── Available data
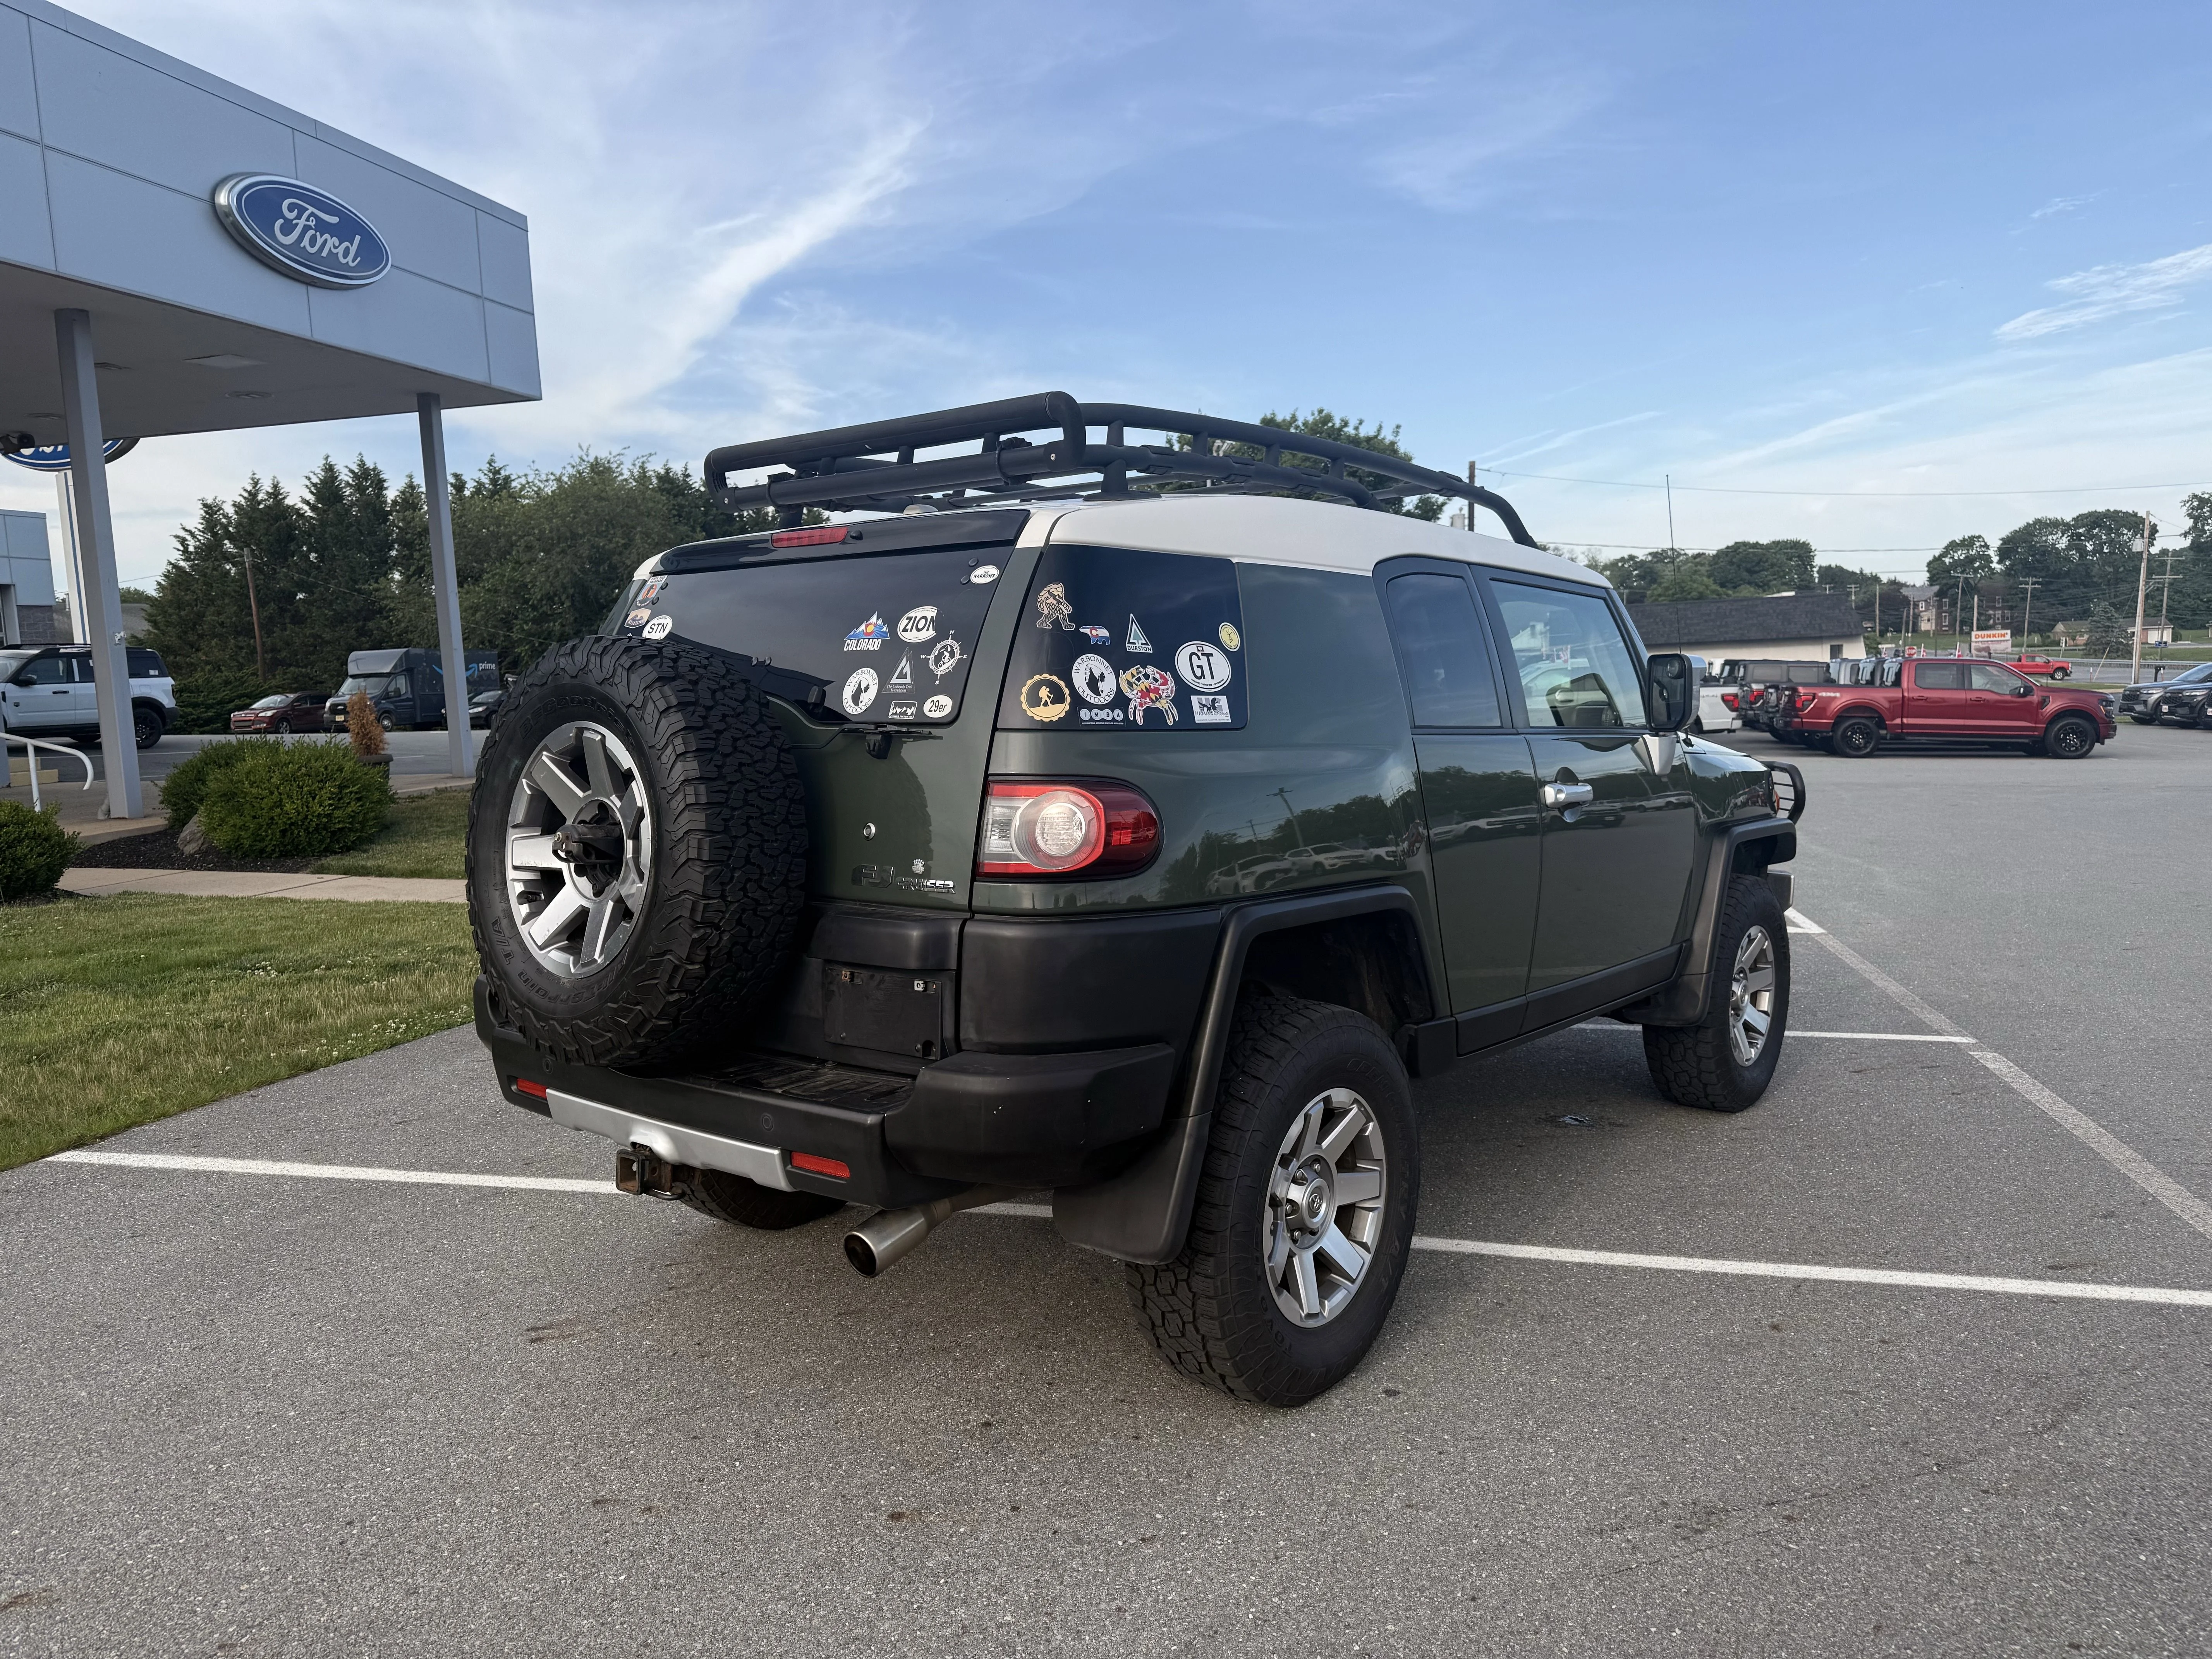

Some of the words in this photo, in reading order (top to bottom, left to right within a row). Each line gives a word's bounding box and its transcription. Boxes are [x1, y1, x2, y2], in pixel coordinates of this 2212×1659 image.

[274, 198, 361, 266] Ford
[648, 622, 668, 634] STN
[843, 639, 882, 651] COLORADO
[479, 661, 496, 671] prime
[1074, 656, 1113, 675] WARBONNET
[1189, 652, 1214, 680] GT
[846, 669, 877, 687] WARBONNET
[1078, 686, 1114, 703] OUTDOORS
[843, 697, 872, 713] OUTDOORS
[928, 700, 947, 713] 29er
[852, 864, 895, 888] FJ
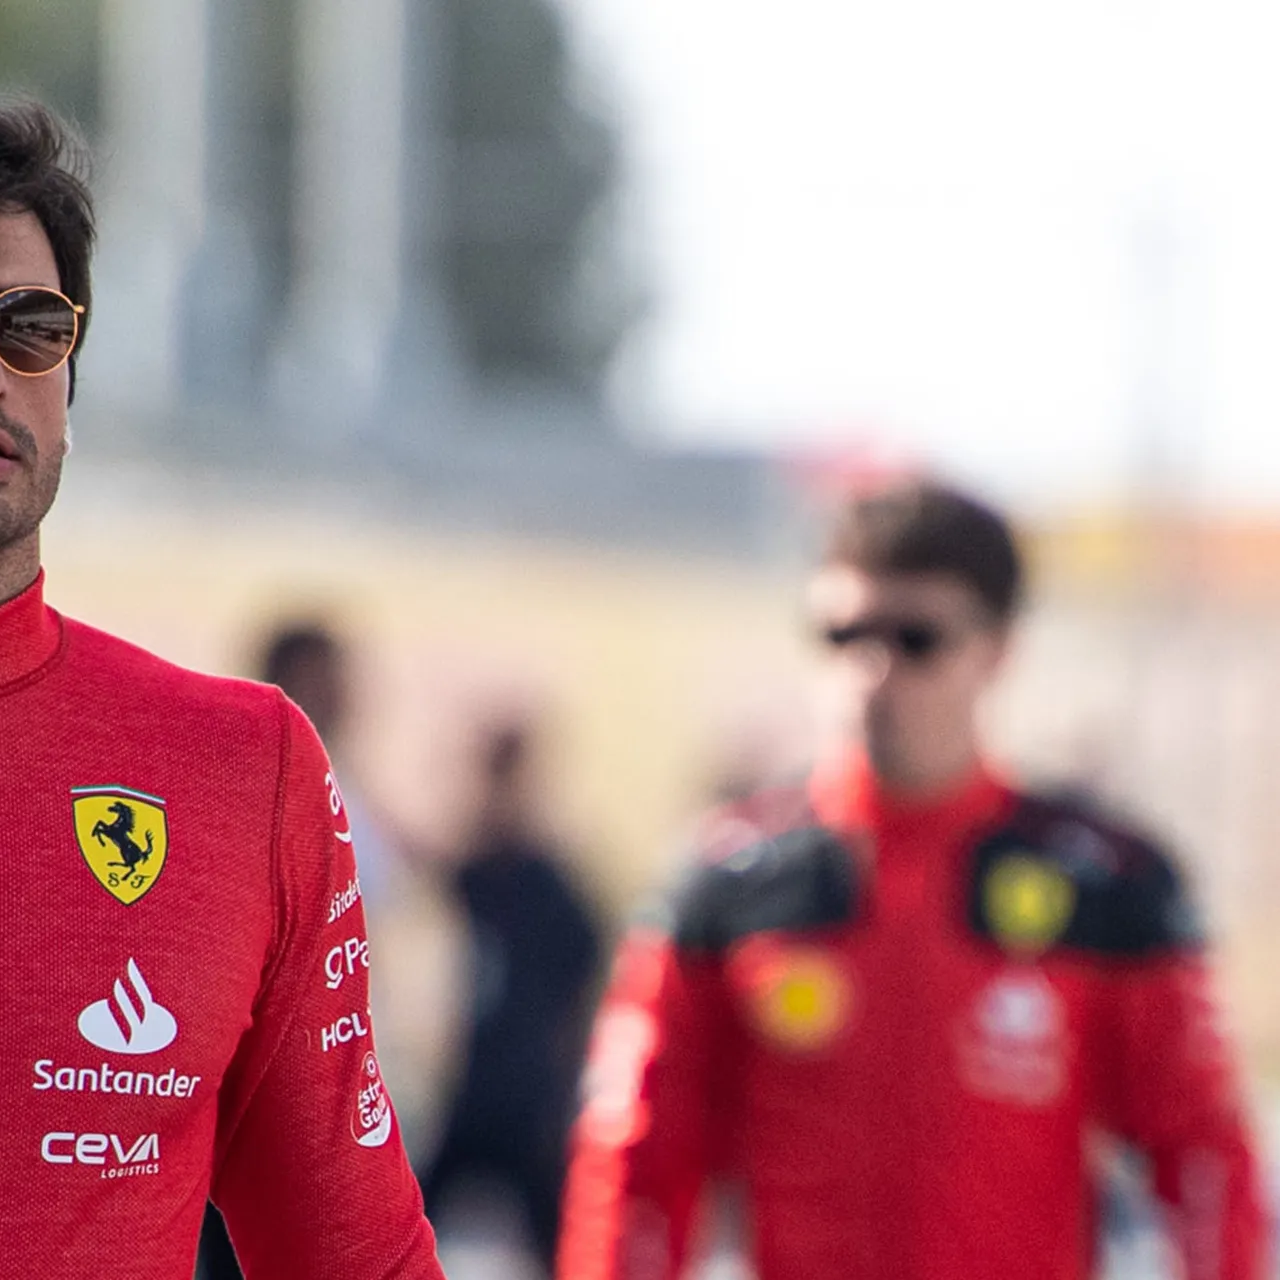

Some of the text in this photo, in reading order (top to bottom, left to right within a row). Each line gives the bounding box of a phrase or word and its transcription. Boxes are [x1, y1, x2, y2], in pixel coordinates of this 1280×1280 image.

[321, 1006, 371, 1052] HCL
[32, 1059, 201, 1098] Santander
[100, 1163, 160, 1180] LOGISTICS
────
Work request =
What is needed is the whole listing again, set down exactly, without its pictures.

Answer =
Some of the words in this photo, in reading order (top to bottom, left to right within a row). Each line gives a word's bounding box and its transcription. Boxes are [x1, y1, x2, y2], in pixel coordinates of this 2212×1659 image.

[274, 198, 361, 266] Ford
[648, 622, 668, 634] STN
[843, 639, 882, 651] COLORADO
[479, 661, 496, 671] prime
[1074, 656, 1113, 675] WARBONNET
[1189, 652, 1214, 680] GT
[846, 669, 877, 687] WARBONNET
[1078, 686, 1114, 703] OUTDOORS
[843, 697, 872, 713] OUTDOORS
[928, 700, 947, 713] 29er
[852, 864, 895, 888] FJ

Some of the text in this photo, in reading order (top to bottom, left to right within a row). Each line gives the bounding box of a phrase or word and its transcription. Boxes are [x1, y1, x2, y2], in pixel coordinates of this 1280×1280 image.

[321, 1006, 371, 1052] HCL
[32, 1059, 201, 1098] Santander
[100, 1163, 160, 1180] LOGISTICS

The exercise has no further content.